In additional embodiments of the present invention, the storage system 100 may include a disk array controller 122. The disk array controller 122 may be configured for being communicatively coupled with the disk array 102. Further, the disk array controller 122 may be configured for being communicatively coupled with a host server 124. The disk array controller 122 may be configured for managing distribution of data across the plurality of disk drives (104, 106, 108, 110, 112, 114, 116, 118) of the disk array 102. The disk array controller 122 may perform said data distribution management in response to commands (ex. —read commands, write commands) received by the disk array controller 122 from the host server 124. In exemplary embodiments, the disk array controller 122 may be a hardware/hardware-based disk array controller 122. In further embodiments, the disk array controller 122 may be a software/software-based/operating system-based disk array controller 122. In still further embodiments, the disk array controller 122 may be a firmware/driver-based disk array controller 122.

FIG. 2 illustrates a physical disk drive data layout 126 for the first disk drive 104 of the disk drive pair 120 and a physical disk drive data layout 128 for the second disk drive 106 of the disk drive pair 120 when the disk drive pair 120 is a mirrored (ex. —RAID 1) pair.
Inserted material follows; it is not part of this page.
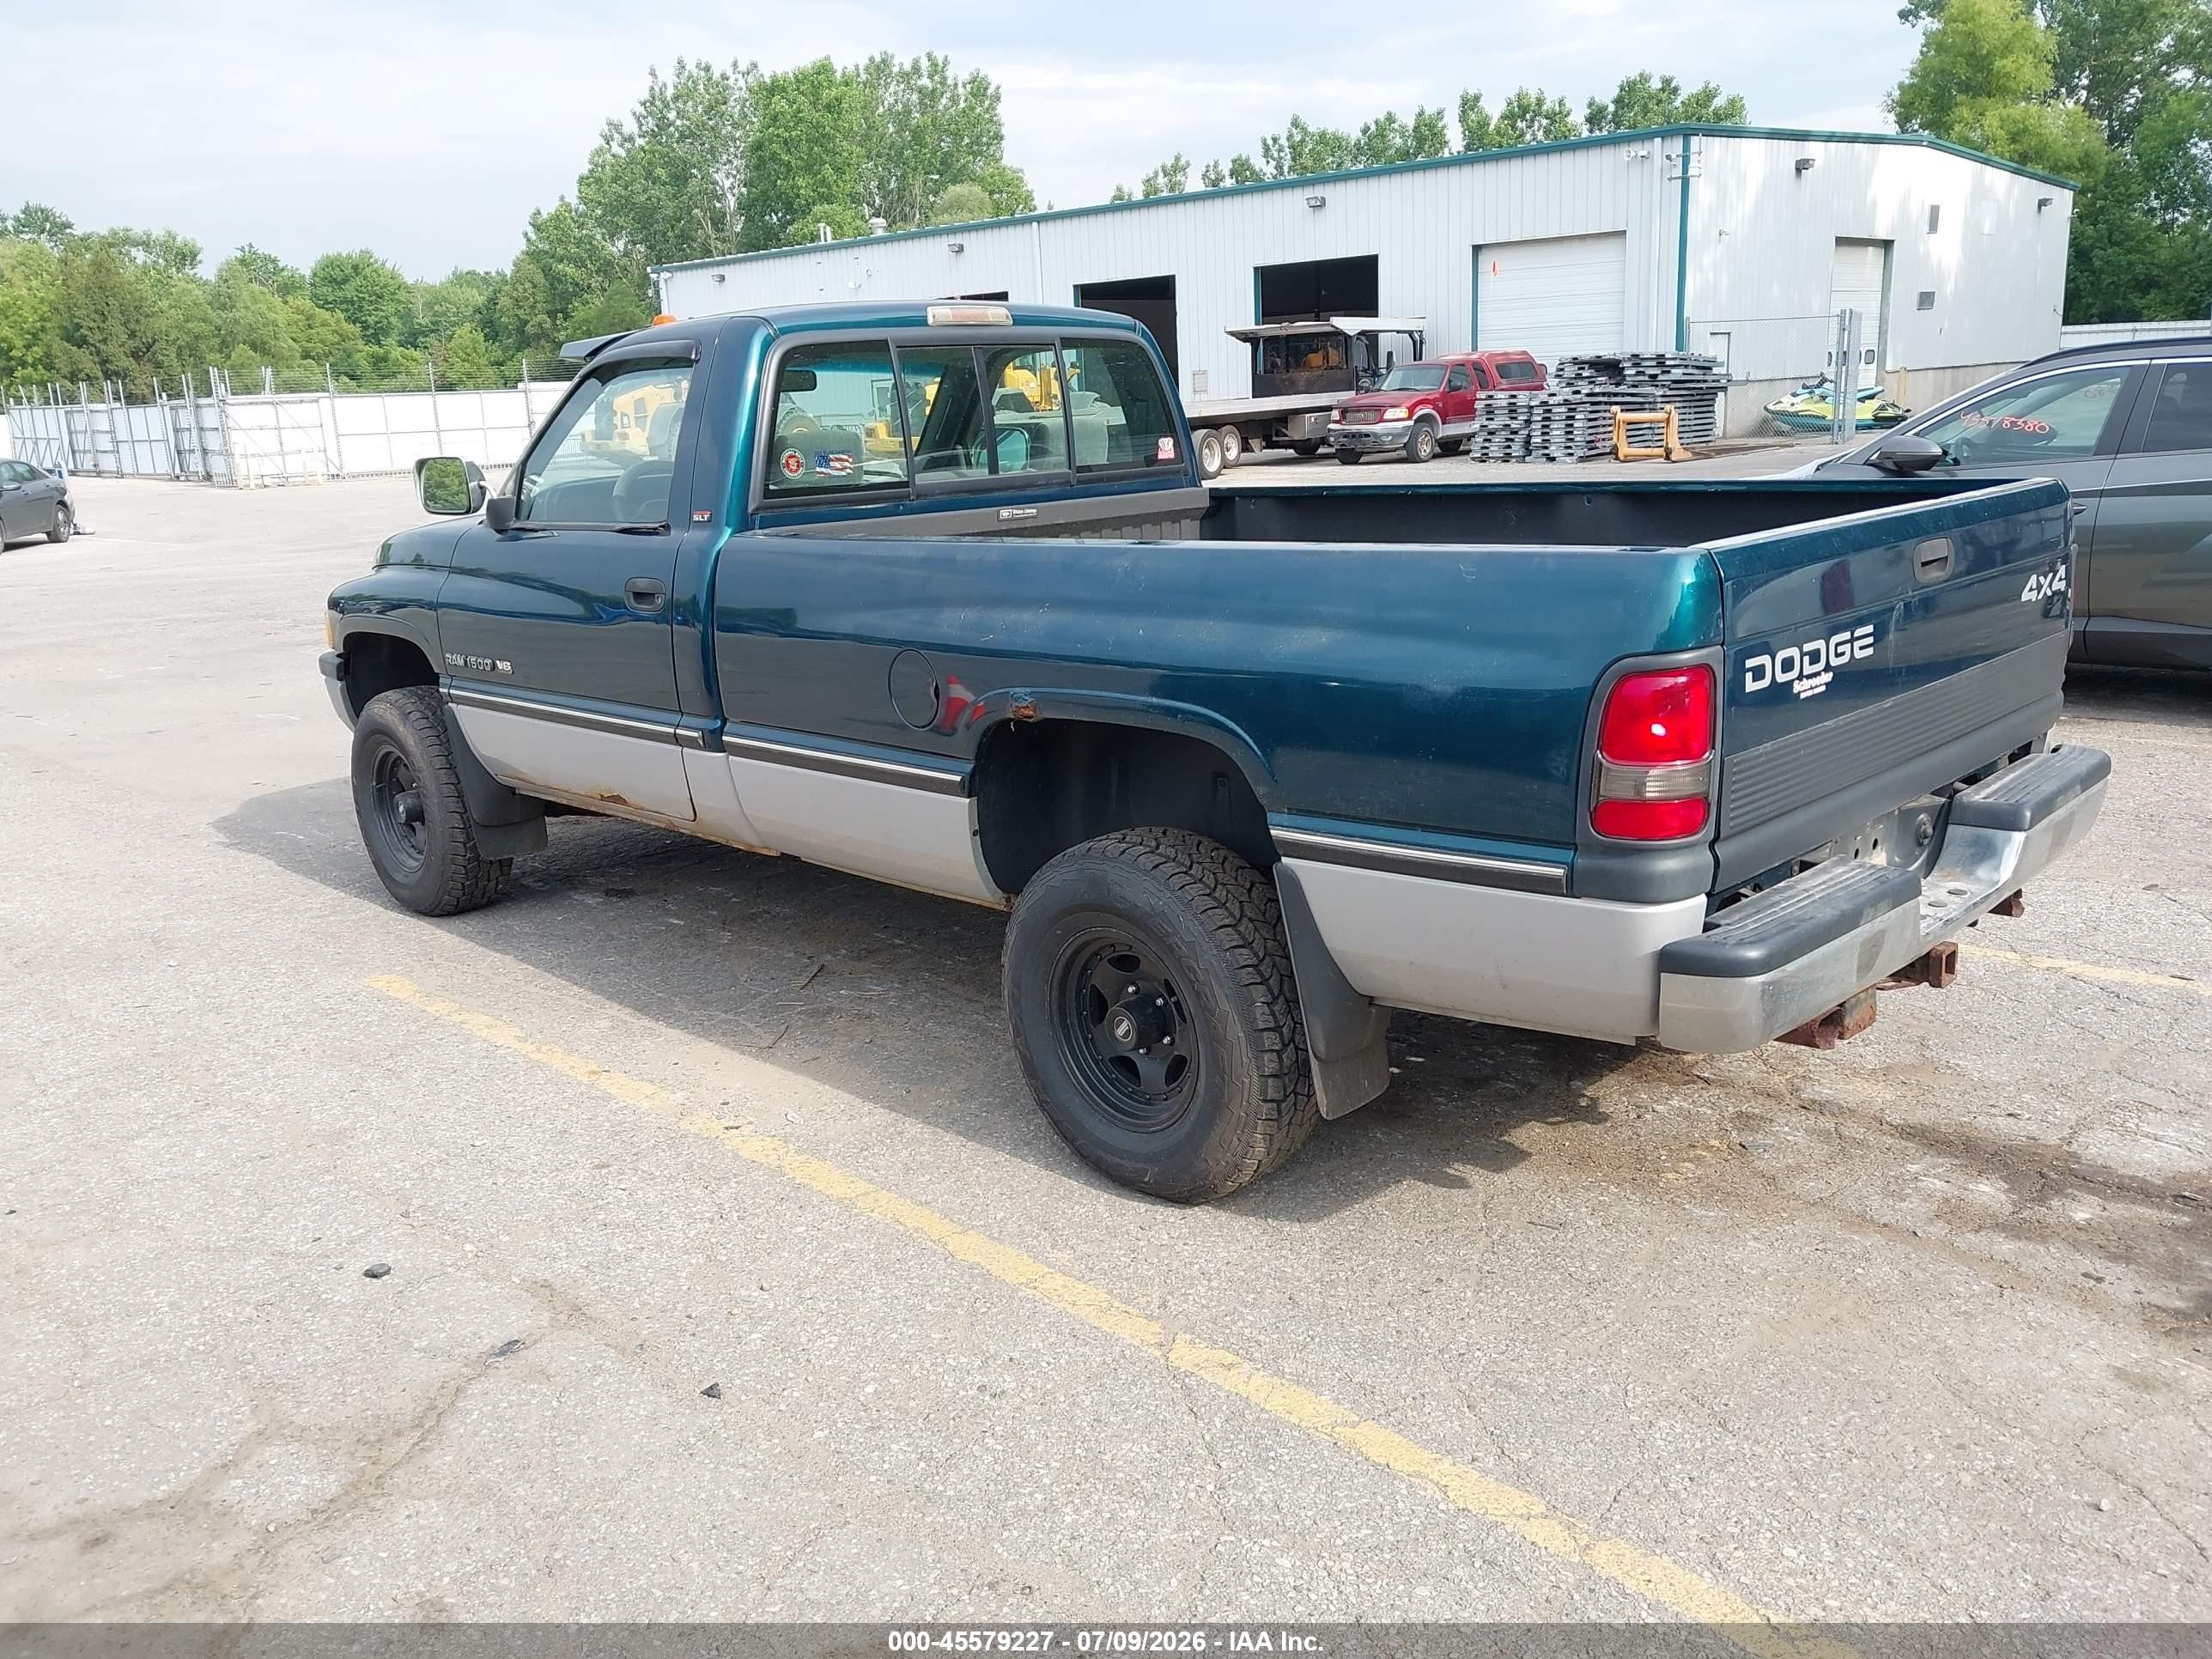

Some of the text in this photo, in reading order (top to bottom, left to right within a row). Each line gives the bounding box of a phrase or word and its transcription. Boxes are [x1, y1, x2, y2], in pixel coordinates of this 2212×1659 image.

[445, 653, 465, 667] RAM
[466, 655, 493, 672] 1500
[1745, 624, 1875, 694] DODGE
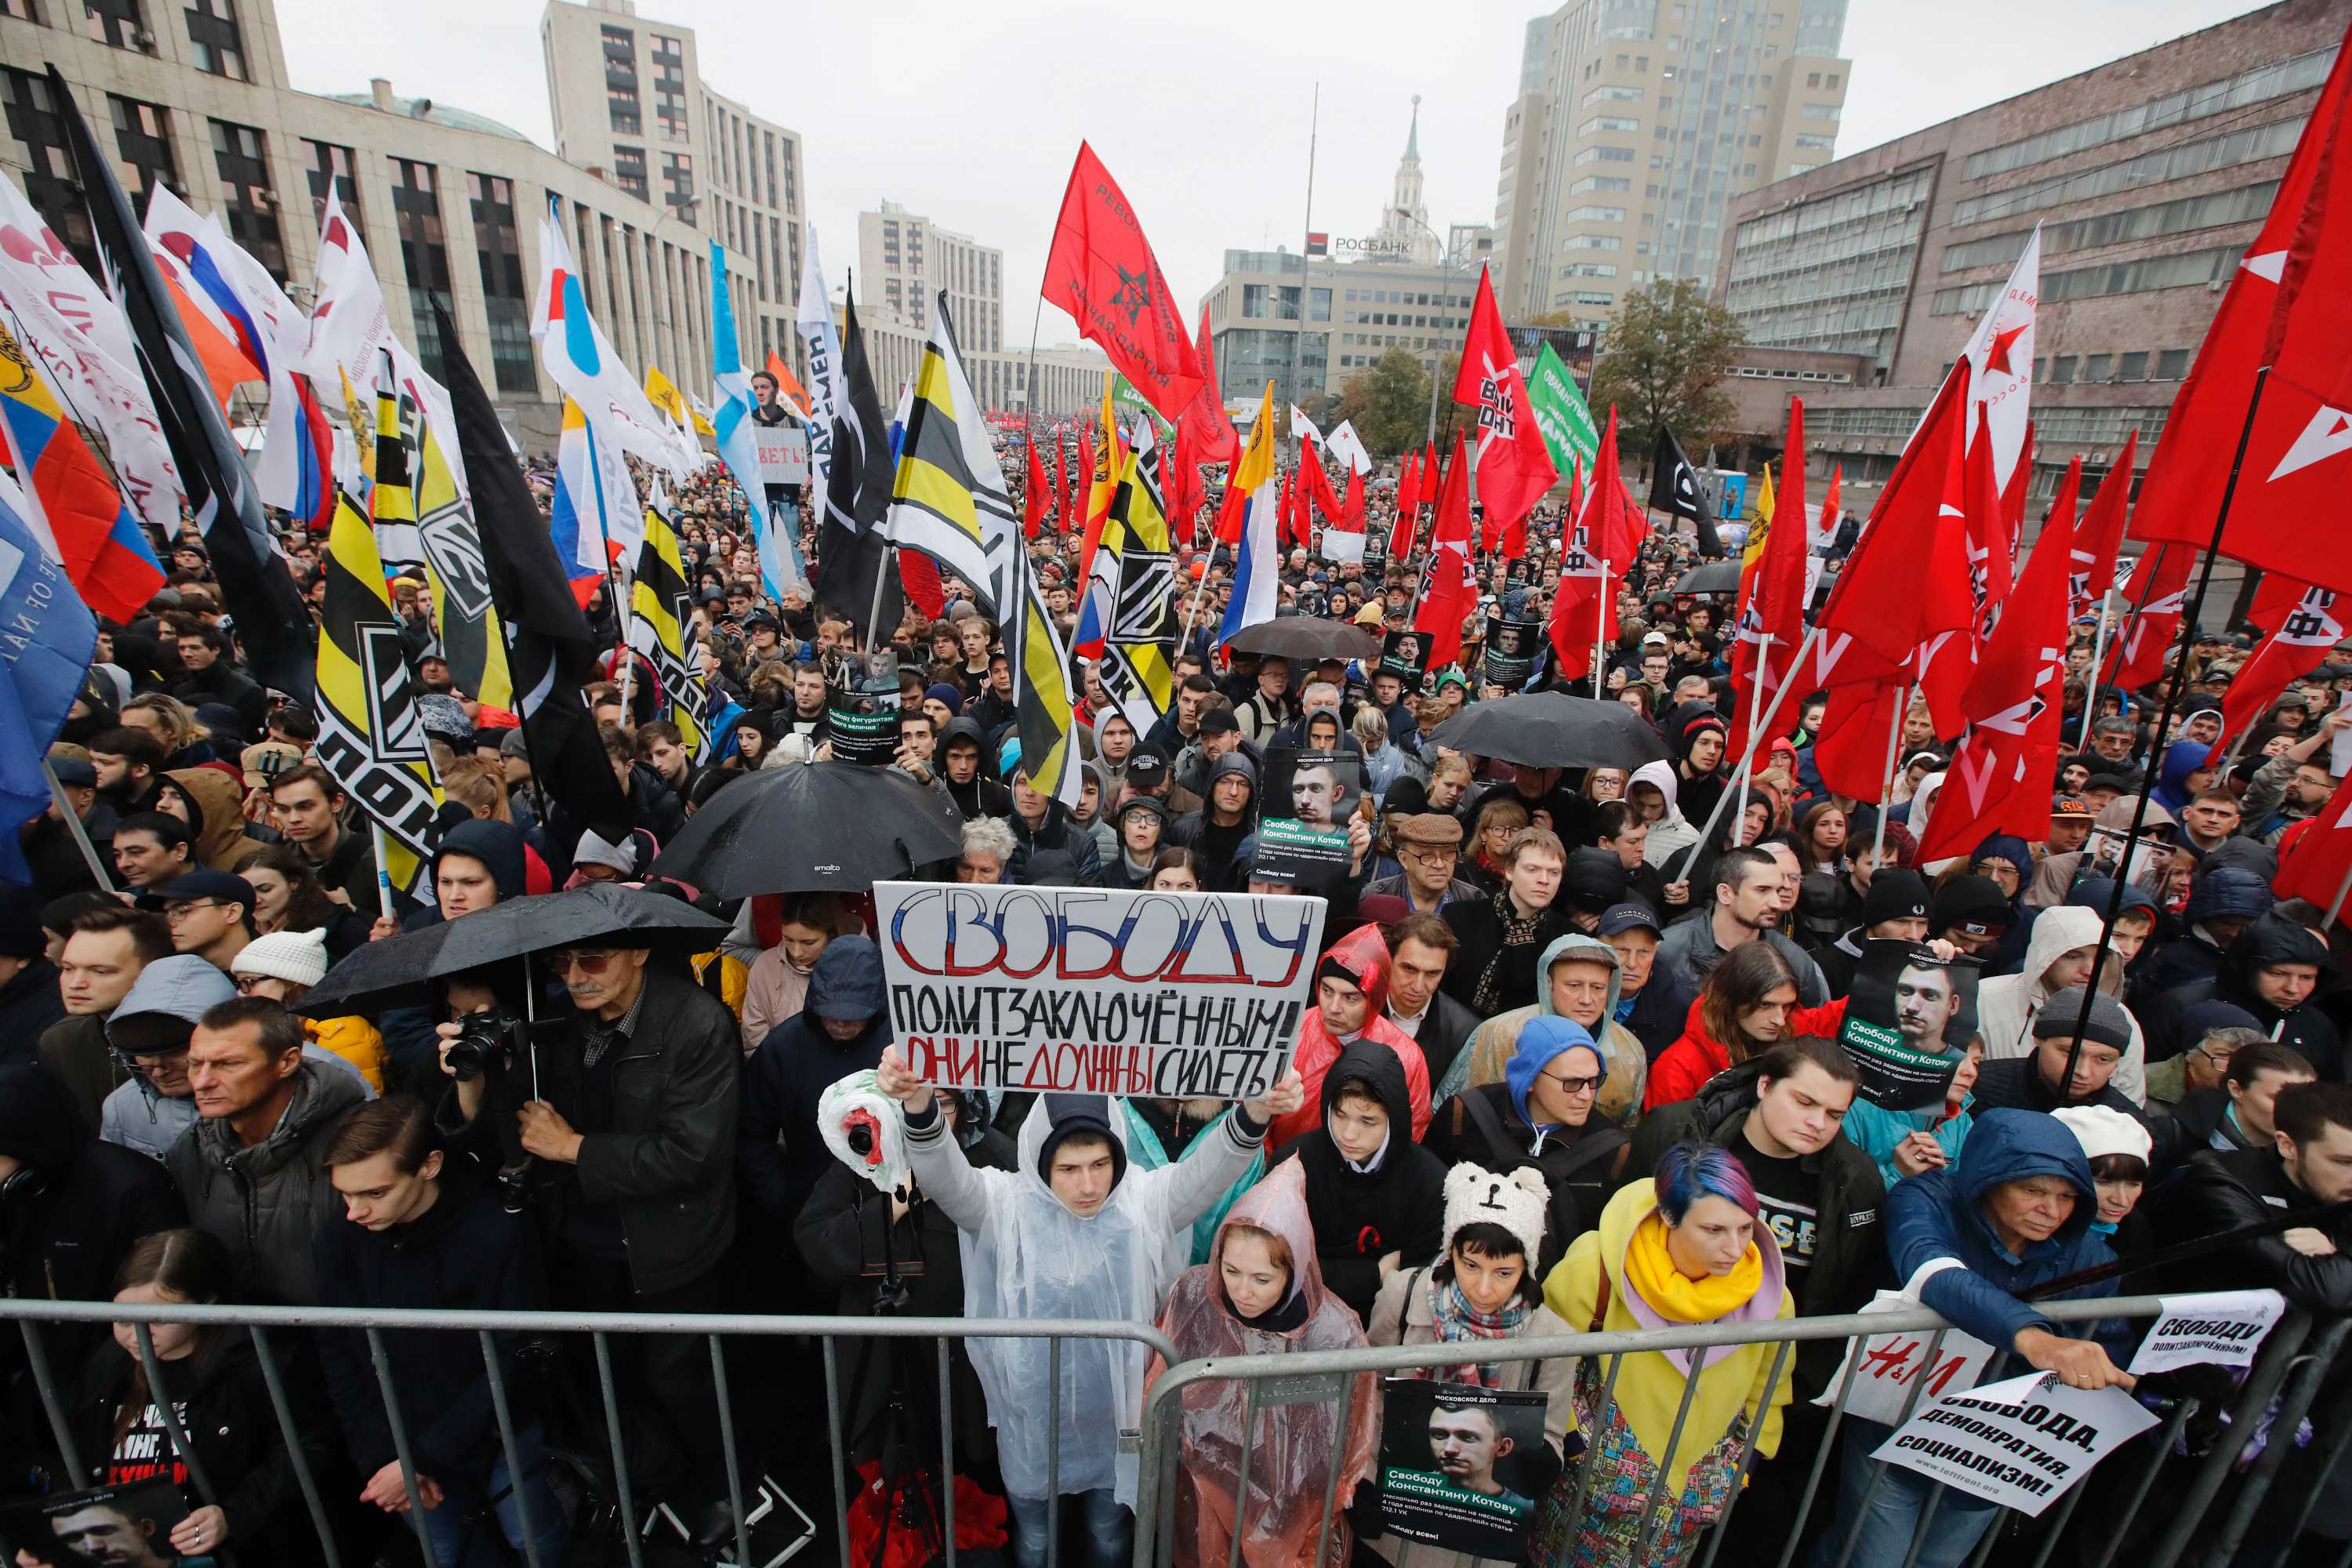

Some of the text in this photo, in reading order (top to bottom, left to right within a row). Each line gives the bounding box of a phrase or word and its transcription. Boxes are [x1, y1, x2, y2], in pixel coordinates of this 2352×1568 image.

When the disk array 102 and the disk drive pair 120 are configured as RAID 1, if a disk drive of the disk drive pair 120 fails (ex. —due to a hardware or software malfunction), the RAID 1 configuration may prevent data from being lost from the disk drive set/pair 120 as long as one disk of the disk drive set/pair/mirrored pair 120 remains functional. In the illustrated embodiment, the disk drive pair 120 (and/or the disk array 102) may be viewed by/perceived by/treated by the host server 124 as a single, virtual disk drive 130 having a virtual disk drive data layout 132 as shown in FIG. 2. Still further, the total storage capacity of the disk array 102 is limited to a value equal to a storage capacity value for the lowest storage capacity disk drive of the disk array 102.

In exemplary embodiments of the present invention, the first disk drive 104 of the disk drive pair 120 may be a solid state disk drive 104. For example, the solid state disk drive 104 may be flash drive, such as a Not and (NAND) flash drive 104. Further, the second disk drive 106 of the disk drive pair 120 may be a hard disk drive 106. NAND flash drives may characteristically have much greater random read performance than the hard disk drives. Although random write performance for NAND flash drives may range from being much worse to much greater than random write performance of hard disk drives, NAND flash drives are characteristically far superior to hard disk drives in terms of random read performance (ex. —100 times faster/better random read performance than hard disk drives).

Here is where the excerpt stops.